* Instructions to follow
Your job is to restate each entry word for word.

* Source records
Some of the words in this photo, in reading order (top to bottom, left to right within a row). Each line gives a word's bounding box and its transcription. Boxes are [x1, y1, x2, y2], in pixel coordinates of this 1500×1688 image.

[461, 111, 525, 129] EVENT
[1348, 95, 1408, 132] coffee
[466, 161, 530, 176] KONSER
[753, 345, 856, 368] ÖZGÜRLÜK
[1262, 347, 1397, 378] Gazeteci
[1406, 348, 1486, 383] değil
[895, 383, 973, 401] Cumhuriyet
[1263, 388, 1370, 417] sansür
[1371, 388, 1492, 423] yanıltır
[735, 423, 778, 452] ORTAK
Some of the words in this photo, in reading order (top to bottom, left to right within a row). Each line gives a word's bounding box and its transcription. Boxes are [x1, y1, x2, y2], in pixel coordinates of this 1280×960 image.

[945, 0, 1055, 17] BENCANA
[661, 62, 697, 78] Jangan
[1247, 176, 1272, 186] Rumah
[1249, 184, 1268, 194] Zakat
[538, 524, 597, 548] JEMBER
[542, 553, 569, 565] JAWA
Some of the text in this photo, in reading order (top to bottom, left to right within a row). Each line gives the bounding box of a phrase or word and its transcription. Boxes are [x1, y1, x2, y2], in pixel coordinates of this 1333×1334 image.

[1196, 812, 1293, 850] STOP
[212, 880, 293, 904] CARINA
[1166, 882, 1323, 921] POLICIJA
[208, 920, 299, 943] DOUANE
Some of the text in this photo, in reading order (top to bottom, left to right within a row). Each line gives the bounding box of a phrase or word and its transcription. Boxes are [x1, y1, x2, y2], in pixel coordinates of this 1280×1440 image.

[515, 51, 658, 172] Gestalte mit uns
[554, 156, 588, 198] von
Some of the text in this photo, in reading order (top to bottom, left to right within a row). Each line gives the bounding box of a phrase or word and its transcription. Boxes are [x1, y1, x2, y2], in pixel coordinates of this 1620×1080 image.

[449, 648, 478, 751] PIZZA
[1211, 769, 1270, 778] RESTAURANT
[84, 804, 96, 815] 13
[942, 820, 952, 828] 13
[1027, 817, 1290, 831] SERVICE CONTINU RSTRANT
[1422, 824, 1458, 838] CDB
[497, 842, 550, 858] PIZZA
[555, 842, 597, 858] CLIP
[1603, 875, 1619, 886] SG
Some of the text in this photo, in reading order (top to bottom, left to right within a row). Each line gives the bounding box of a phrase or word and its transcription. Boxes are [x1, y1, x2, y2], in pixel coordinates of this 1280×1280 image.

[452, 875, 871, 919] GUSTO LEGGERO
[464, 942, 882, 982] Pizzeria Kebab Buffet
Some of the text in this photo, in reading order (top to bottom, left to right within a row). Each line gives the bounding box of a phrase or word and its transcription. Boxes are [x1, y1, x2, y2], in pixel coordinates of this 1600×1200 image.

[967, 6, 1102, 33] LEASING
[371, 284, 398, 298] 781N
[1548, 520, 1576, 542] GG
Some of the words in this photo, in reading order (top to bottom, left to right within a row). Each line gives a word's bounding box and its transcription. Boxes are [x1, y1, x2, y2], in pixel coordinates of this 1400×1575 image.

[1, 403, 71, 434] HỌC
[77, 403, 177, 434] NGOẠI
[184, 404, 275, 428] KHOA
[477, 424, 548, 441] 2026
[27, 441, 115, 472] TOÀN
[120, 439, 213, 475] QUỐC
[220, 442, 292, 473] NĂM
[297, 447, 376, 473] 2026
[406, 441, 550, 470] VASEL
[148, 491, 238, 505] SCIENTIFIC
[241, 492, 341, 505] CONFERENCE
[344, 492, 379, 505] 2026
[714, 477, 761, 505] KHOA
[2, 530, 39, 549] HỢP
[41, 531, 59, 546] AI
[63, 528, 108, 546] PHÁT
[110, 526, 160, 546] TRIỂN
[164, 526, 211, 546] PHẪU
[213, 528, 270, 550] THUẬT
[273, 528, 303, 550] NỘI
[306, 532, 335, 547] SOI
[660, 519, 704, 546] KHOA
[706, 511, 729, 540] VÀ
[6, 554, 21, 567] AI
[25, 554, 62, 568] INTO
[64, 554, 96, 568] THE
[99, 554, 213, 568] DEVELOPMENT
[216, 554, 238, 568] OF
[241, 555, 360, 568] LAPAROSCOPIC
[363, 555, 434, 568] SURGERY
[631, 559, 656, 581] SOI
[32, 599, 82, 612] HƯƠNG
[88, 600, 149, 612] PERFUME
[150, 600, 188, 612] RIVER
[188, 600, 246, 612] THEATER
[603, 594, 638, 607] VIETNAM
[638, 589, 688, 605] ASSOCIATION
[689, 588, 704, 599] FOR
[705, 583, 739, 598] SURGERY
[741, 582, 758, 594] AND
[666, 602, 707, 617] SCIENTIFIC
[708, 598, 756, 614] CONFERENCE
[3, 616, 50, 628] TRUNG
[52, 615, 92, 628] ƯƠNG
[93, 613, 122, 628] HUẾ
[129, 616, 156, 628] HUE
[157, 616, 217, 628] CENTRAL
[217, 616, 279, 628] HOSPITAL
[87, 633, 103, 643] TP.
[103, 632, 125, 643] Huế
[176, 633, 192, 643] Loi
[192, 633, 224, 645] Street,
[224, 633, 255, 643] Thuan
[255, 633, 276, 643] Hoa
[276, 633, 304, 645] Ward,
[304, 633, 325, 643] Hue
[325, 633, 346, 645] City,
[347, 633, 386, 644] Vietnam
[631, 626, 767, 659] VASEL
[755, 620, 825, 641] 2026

* Written response
Some of the words in this photo, in reading order (top to bottom, left to right within a row). Each line gives a word's bounding box and its transcription. Boxes are [x1, y1, x2, y2], in pixel coordinates of this 1500×1688 image.

[461, 111, 525, 129] EVENT
[1348, 95, 1408, 132] coffee
[466, 161, 530, 176] KONSER
[753, 345, 856, 368] ÖZGÜRLÜK
[1262, 347, 1397, 378] Gazeteci
[1406, 348, 1486, 383] değil
[895, 383, 973, 401] Cumhuriyet
[1263, 388, 1370, 417] sansür
[1371, 388, 1492, 423] yanıltır
[735, 423, 778, 452] ORTAK
Some of the words in this photo, in reading order (top to bottom, left to right within a row). Each line gives a word's bounding box and its transcription. Boxes are [x1, y1, x2, y2], in pixel coordinates of this 1280×960 image.

[945, 0, 1055, 17] BENCANA
[661, 62, 697, 78] Jangan
[1247, 176, 1272, 186] Rumah
[1249, 184, 1268, 194] Zakat
[538, 524, 597, 548] JEMBER
[542, 553, 569, 565] JAWA
Some of the text in this photo, in reading order (top to bottom, left to right within a row). Each line gives the bounding box of a phrase or word and its transcription. Boxes are [x1, y1, x2, y2], in pixel coordinates of this 1333×1334 image.

[1196, 812, 1293, 850] STOP
[212, 880, 293, 904] CARINA
[1166, 882, 1323, 921] POLICIJA
[208, 920, 299, 943] DOUANE
Some of the text in this photo, in reading order (top to bottom, left to right within a row). Each line gives the bounding box of a phrase or word and its transcription. Boxes are [x1, y1, x2, y2], in pixel coordinates of this 1280×1440 image.

[515, 51, 658, 172] Gestalte mit uns
[554, 156, 588, 198] von
Some of the text in this photo, in reading order (top to bottom, left to right within a row). Each line gives the bounding box of a phrase or word and its transcription. Boxes are [x1, y1, x2, y2], in pixel coordinates of this 1620×1080 image.

[449, 648, 478, 751] PIZZA
[1211, 769, 1270, 778] RESTAURANT
[84, 804, 96, 815] 13
[942, 820, 952, 828] 13
[1027, 817, 1290, 831] SERVICE CONTINU RSTRANT
[1422, 824, 1458, 838] CDB
[497, 842, 550, 858] PIZZA
[555, 842, 597, 858] CLIP
[1603, 875, 1619, 886] SG
Some of the text in this photo, in reading order (top to bottom, left to right within a row). Each line gives the bounding box of a phrase or word and its transcription. Boxes are [x1, y1, x2, y2], in pixel coordinates of this 1280×1280 image.

[452, 875, 871, 919] GUSTO LEGGERO
[464, 942, 882, 982] Pizzeria Kebab Buffet
Some of the text in this photo, in reading order (top to bottom, left to right within a row). Each line gives the bounding box of a phrase or word and its transcription. Boxes are [x1, y1, x2, y2], in pixel coordinates of this 1600×1200 image.

[967, 6, 1102, 33] LEASING
[371, 284, 398, 298] 781N
[1548, 520, 1576, 542] GG
Some of the words in this photo, in reading order (top to bottom, left to right within a row). Each line gives a word's bounding box and its transcription. Boxes are [x1, y1, x2, y2], in pixel coordinates of this 1400×1575 image.

[1, 403, 71, 434] HỌC
[77, 403, 177, 434] NGOẠI
[184, 404, 275, 428] KHOA
[477, 424, 548, 441] 2026
[27, 441, 115, 472] TOÀN
[120, 439, 213, 475] QUỐC
[220, 442, 292, 473] NĂM
[297, 447, 376, 473] 2026
[406, 441, 550, 470] VASEL
[148, 491, 238, 505] SCIENTIFIC
[241, 492, 341, 505] CONFERENCE
[344, 492, 379, 505] 2026
[714, 477, 761, 505] KHOA
[2, 530, 39, 549] HỢP
[41, 531, 59, 546] AI
[63, 528, 108, 546] PHÁT
[110, 526, 160, 546] TRIỂN
[164, 526, 211, 546] PHẪU
[213, 528, 270, 550] THUẬT
[273, 528, 303, 550] NỘI
[306, 532, 335, 547] SOI
[660, 519, 704, 546] KHOA
[706, 511, 729, 540] VÀ
[6, 554, 21, 567] AI
[25, 554, 62, 568] INTO
[64, 554, 96, 568] THE
[99, 554, 213, 568] DEVELOPMENT
[216, 554, 238, 568] OF
[241, 555, 360, 568] LAPAROSCOPIC
[363, 555, 434, 568] SURGERY
[631, 559, 656, 581] SOI
[32, 599, 82, 612] HƯƠNG
[88, 600, 149, 612] PERFUME
[150, 600, 188, 612] RIVER
[188, 600, 246, 612] THEATER
[603, 594, 638, 607] VIETNAM
[638, 589, 688, 605] ASSOCIATION
[689, 588, 704, 599] FOR
[705, 583, 739, 598] SURGERY
[741, 582, 758, 594] AND
[666, 602, 707, 617] SCIENTIFIC
[708, 598, 756, 614] CONFERENCE
[3, 616, 50, 628] TRUNG
[52, 615, 92, 628] ƯƠNG
[93, 613, 122, 628] HUẾ
[129, 616, 156, 628] HUE
[157, 616, 217, 628] CENTRAL
[217, 616, 279, 628] HOSPITAL
[87, 633, 103, 643] TP.
[103, 632, 125, 643] Huế
[176, 633, 192, 643] Loi
[192, 633, 224, 645] Street,
[224, 633, 255, 643] Thuan
[255, 633, 276, 643] Hoa
[276, 633, 304, 645] Ward,
[304, 633, 325, 643] Hue
[325, 633, 346, 645] City,
[347, 633, 386, 644] Vietnam
[631, 626, 767, 659] VASEL
[755, 620, 825, 641] 2026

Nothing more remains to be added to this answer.